Reproduce the entire listing exactly as written, apart from its pictures.

Records provided =>
=====

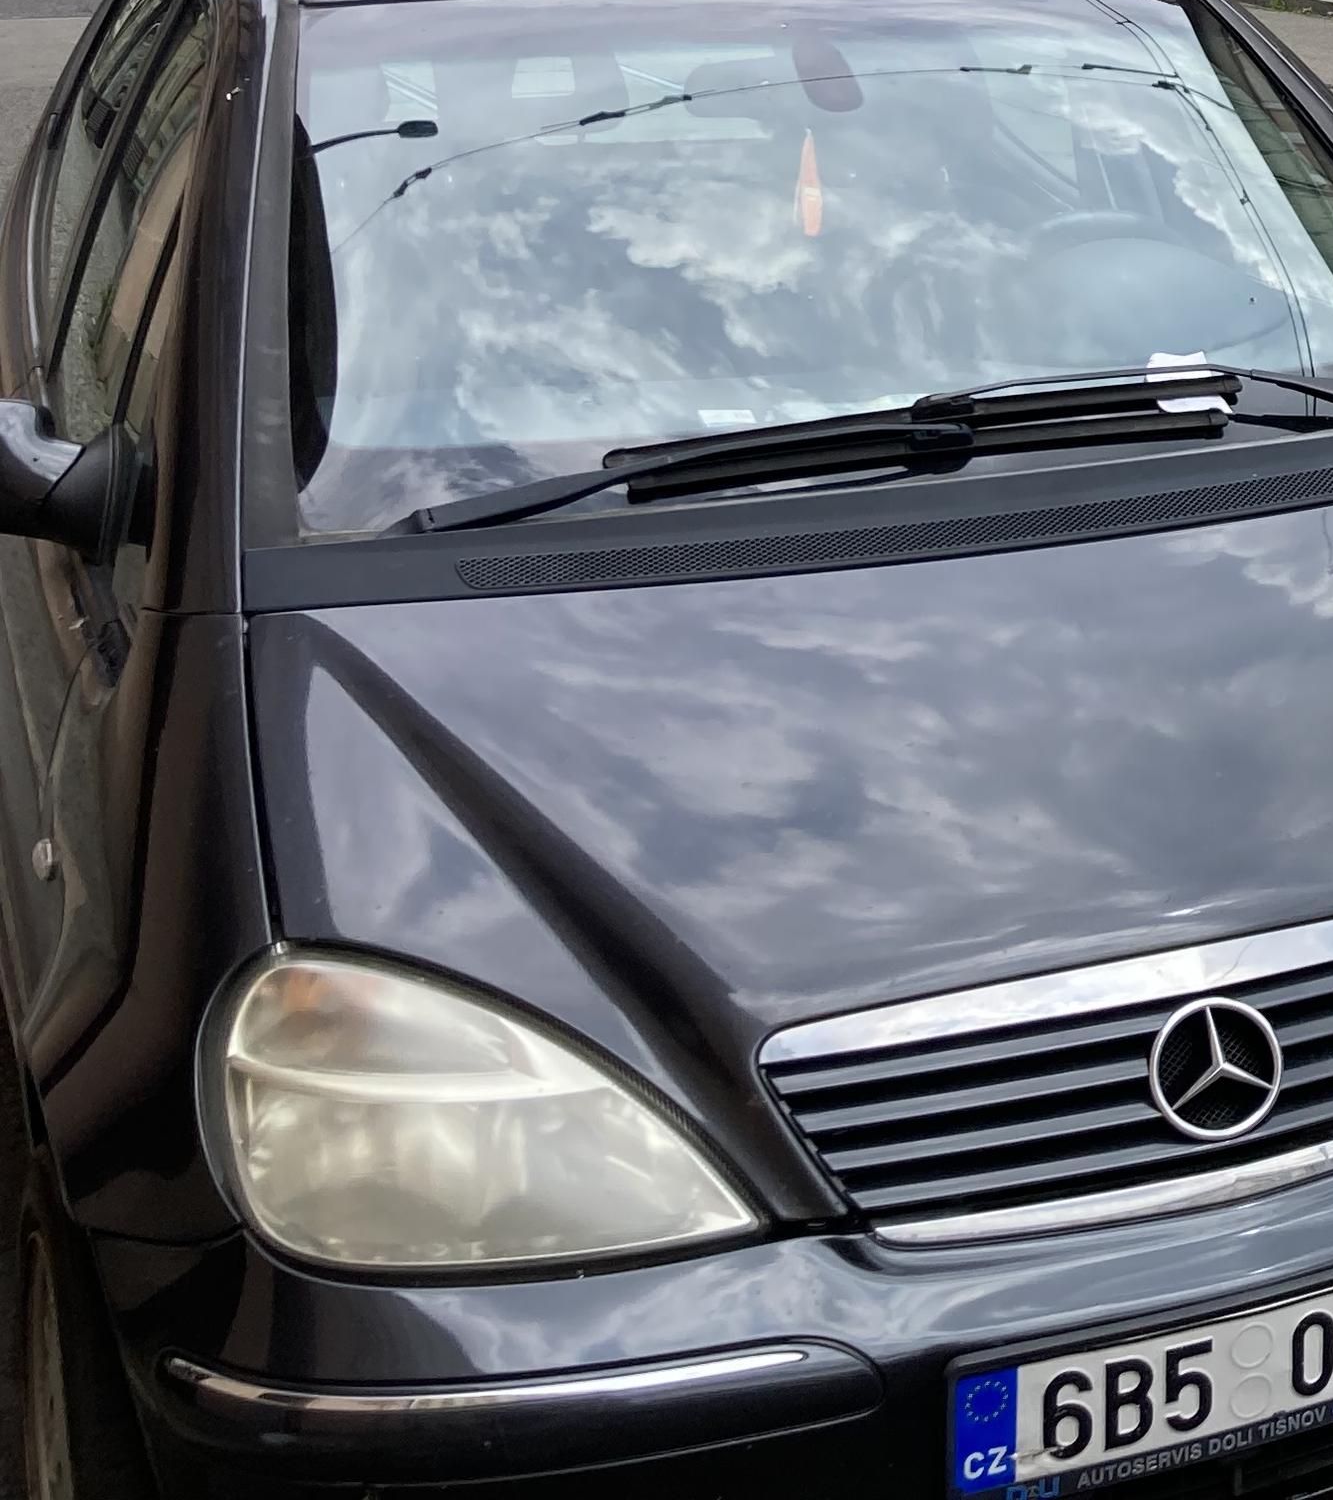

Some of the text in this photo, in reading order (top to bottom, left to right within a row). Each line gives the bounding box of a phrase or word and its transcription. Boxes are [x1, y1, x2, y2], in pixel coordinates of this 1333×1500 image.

[1042, 1338, 1214, 1460] 6B5
[963, 1446, 1008, 1481] CZ
[1076, 1443, 1202, 1490] AUTOSERVIS
[1207, 1429, 1253, 1456] DOLI
[1257, 1405, 1327, 1441] TIŠNOV
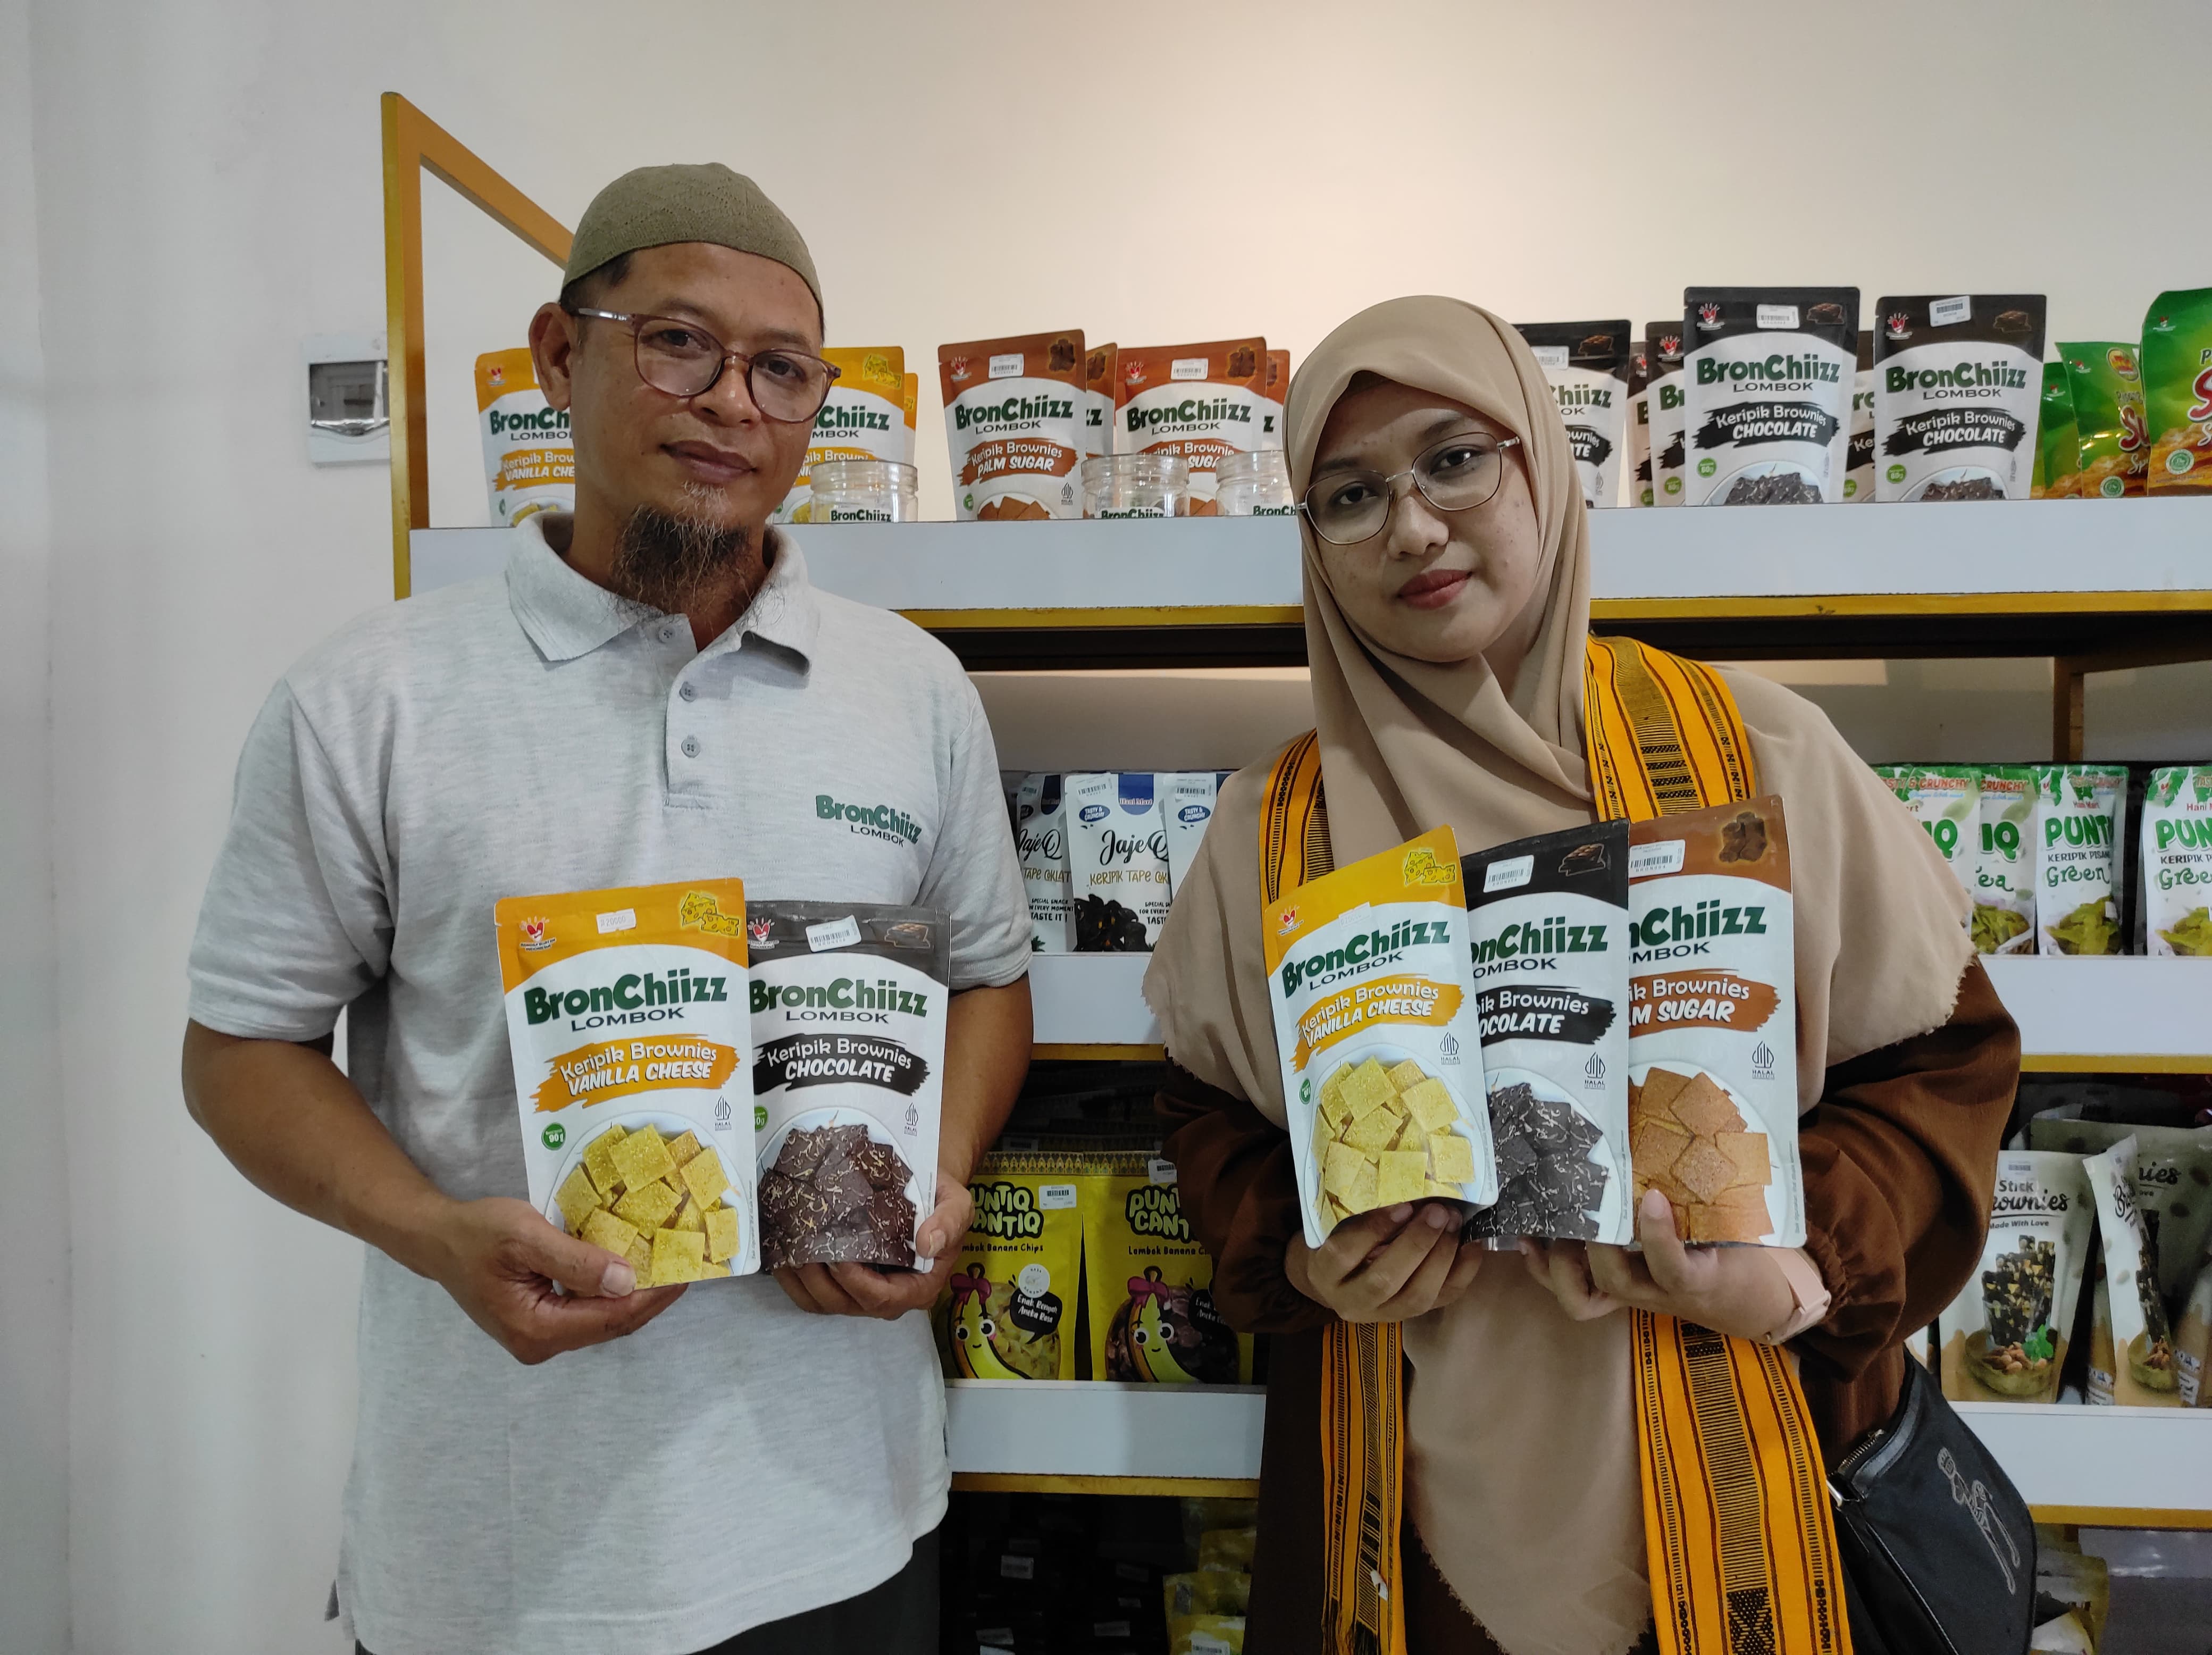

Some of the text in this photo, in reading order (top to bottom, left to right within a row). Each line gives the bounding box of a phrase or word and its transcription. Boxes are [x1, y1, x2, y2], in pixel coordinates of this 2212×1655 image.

[1697, 354, 1839, 385] BronChiizz
[1886, 361, 2026, 394] BronChiizz
[1733, 382, 1814, 392] LOMBOK
[1923, 389, 2001, 400] LOMBOK
[490, 407, 569, 435] BronCh
[815, 405, 890, 431] Chiizz
[955, 395, 1073, 431] BronChiizz
[1127, 398, 1251, 432] BronChiizz
[1715, 405, 1826, 429] Keripik Brownies
[1906, 411, 2015, 436] Keripik Brownies
[975, 420, 1041, 435] LOMBOK
[1151, 422, 1221, 436] LOMBOK
[1732, 421, 1817, 439] CHOCOLATE
[1923, 427, 2006, 447] CHOCOLATE
[544, 451, 575, 463] Brow
[971, 441, 1063, 467] Keripik Brownies
[1184, 442, 1234, 456] Brownie
[506, 466, 575, 481] VANILLA CHE
[977, 456, 1054, 478] PALM SUGAR
[1188, 455, 1218, 469] SUG
[831, 508, 892, 522] BronChiizz
[1253, 505, 1296, 516] BronCh
[1920, 778, 1970, 790] CRUNCHY
[1980, 779, 2027, 792] CRUNCHY
[816, 795, 923, 845] BronChiizz
[2045, 814, 2112, 848] PUNT
[850, 825, 904, 847] LOMBOK
[2155, 819, 2212, 849] PUN
[2048, 851, 2110, 863] KERIPIK PISAN
[2160, 854, 2203, 865] KERIPIK
[2046, 866, 2110, 888] Green
[2159, 867, 2212, 890] Gree
[1030, 912, 1053, 921] TASTE
[1629, 899, 1767, 948] nChiizz
[1471, 916, 1608, 964] onChiizz
[1282, 920, 1450, 999] BronChiizz
[1631, 941, 1711, 964] MBOK
[1309, 951, 1403, 991] LOMBOK
[1473, 958, 1557, 979] OMBOK
[524, 968, 727, 1025] BronChiizz
[749, 977, 928, 1018] BronChiizz
[1652, 977, 1750, 1000] Brownies
[1302, 982, 1439, 1038] Keripik Brownies
[1499, 990, 1589, 1014] Brownies
[1657, 998, 1735, 1022] SUGAR
[571, 1007, 684, 1032] LOMBOK
[786, 1010, 890, 1024] LOMBOK
[1305, 999, 1434, 1049] VANILLA CHEESE
[1479, 1012, 1565, 1038] OCOLATE
[560, 1042, 717, 1082] Keripik Brownies
[767, 1037, 912, 1070] Keripik Brownies
[568, 1061, 713, 1097] VANILLA CHEESE
[785, 1058, 895, 1083] CHOCOLATE
[972, 1185, 1030, 1212] UNTIQ
[1999, 1180, 2034, 1193] Stick
[1129, 1187, 1180, 1217] PUNT
[973, 1210, 1041, 1236] ANTIQ
[1135, 1210, 1189, 1240] CANT
[961, 1243, 1043, 1254] mbok Banana Chips
[1163, 1246, 1201, 1255] Banana

=====

Written solution =>
Some of the text in this photo, in reading order (top to bottom, left to right within a row). Each line gives the bounding box of a phrase or word and its transcription. Boxes are [x1, y1, x2, y2], in pixel coordinates of this 1333×1500 image.

[1042, 1338, 1214, 1460] 6B5
[963, 1446, 1008, 1481] CZ
[1076, 1443, 1202, 1490] AUTOSERVIS
[1207, 1429, 1253, 1456] DOLI
[1257, 1405, 1327, 1441] TIŠNOV

Some of the text in this photo, in reading order (top to bottom, left to right within a row). Each line gives the bounding box of a phrase or word and its transcription. Boxes are [x1, y1, x2, y2], in pixel coordinates of this 2212×1655 image.

[1697, 354, 1839, 385] BronChiizz
[1886, 361, 2026, 394] BronChiizz
[1733, 382, 1814, 392] LOMBOK
[1923, 389, 2001, 400] LOMBOK
[490, 407, 569, 435] BronCh
[815, 405, 890, 431] Chiizz
[955, 395, 1073, 431] BronChiizz
[1127, 398, 1251, 432] BronChiizz
[1715, 405, 1826, 429] Keripik Brownies
[1906, 411, 2015, 436] Keripik Brownies
[975, 420, 1041, 435] LOMBOK
[1151, 422, 1221, 436] LOMBOK
[1732, 421, 1817, 439] CHOCOLATE
[1923, 427, 2006, 447] CHOCOLATE
[544, 451, 575, 463] Brow
[971, 441, 1063, 467] Keripik Brownies
[1184, 442, 1234, 456] Brownie
[506, 466, 575, 481] VANILLA CHE
[977, 456, 1054, 478] PALM SUGAR
[1188, 455, 1218, 469] SUG
[831, 508, 892, 522] BronChiizz
[1253, 505, 1296, 516] BronCh
[1920, 778, 1970, 790] CRUNCHY
[1980, 779, 2027, 792] CRUNCHY
[816, 795, 923, 845] BronChiizz
[2045, 814, 2112, 848] PUNT
[850, 825, 904, 847] LOMBOK
[2155, 819, 2212, 849] PUN
[2048, 851, 2110, 863] KERIPIK PISAN
[2160, 854, 2203, 865] KERIPIK
[2046, 866, 2110, 888] Green
[2159, 867, 2212, 890] Gree
[1030, 912, 1053, 921] TASTE
[1629, 899, 1767, 948] nChiizz
[1471, 916, 1608, 964] onChiizz
[1282, 920, 1450, 999] BronChiizz
[1631, 941, 1711, 964] MBOK
[1309, 951, 1403, 991] LOMBOK
[1473, 958, 1557, 979] OMBOK
[524, 968, 727, 1025] BronChiizz
[749, 977, 928, 1018] BronChiizz
[1652, 977, 1750, 1000] Brownies
[1302, 982, 1439, 1038] Keripik Brownies
[1499, 990, 1589, 1014] Brownies
[1657, 998, 1735, 1022] SUGAR
[571, 1007, 684, 1032] LOMBOK
[786, 1010, 890, 1024] LOMBOK
[1305, 999, 1434, 1049] VANILLA CHEESE
[1479, 1012, 1565, 1038] OCOLATE
[560, 1042, 717, 1082] Keripik Brownies
[767, 1037, 912, 1070] Keripik Brownies
[568, 1061, 713, 1097] VANILLA CHEESE
[785, 1058, 895, 1083] CHOCOLATE
[972, 1185, 1030, 1212] UNTIQ
[1999, 1180, 2034, 1193] Stick
[1129, 1187, 1180, 1217] PUNT
[973, 1210, 1041, 1236] ANTIQ
[1135, 1210, 1189, 1240] CANT
[961, 1243, 1043, 1254] mbok Banana Chips
[1163, 1246, 1201, 1255] Banana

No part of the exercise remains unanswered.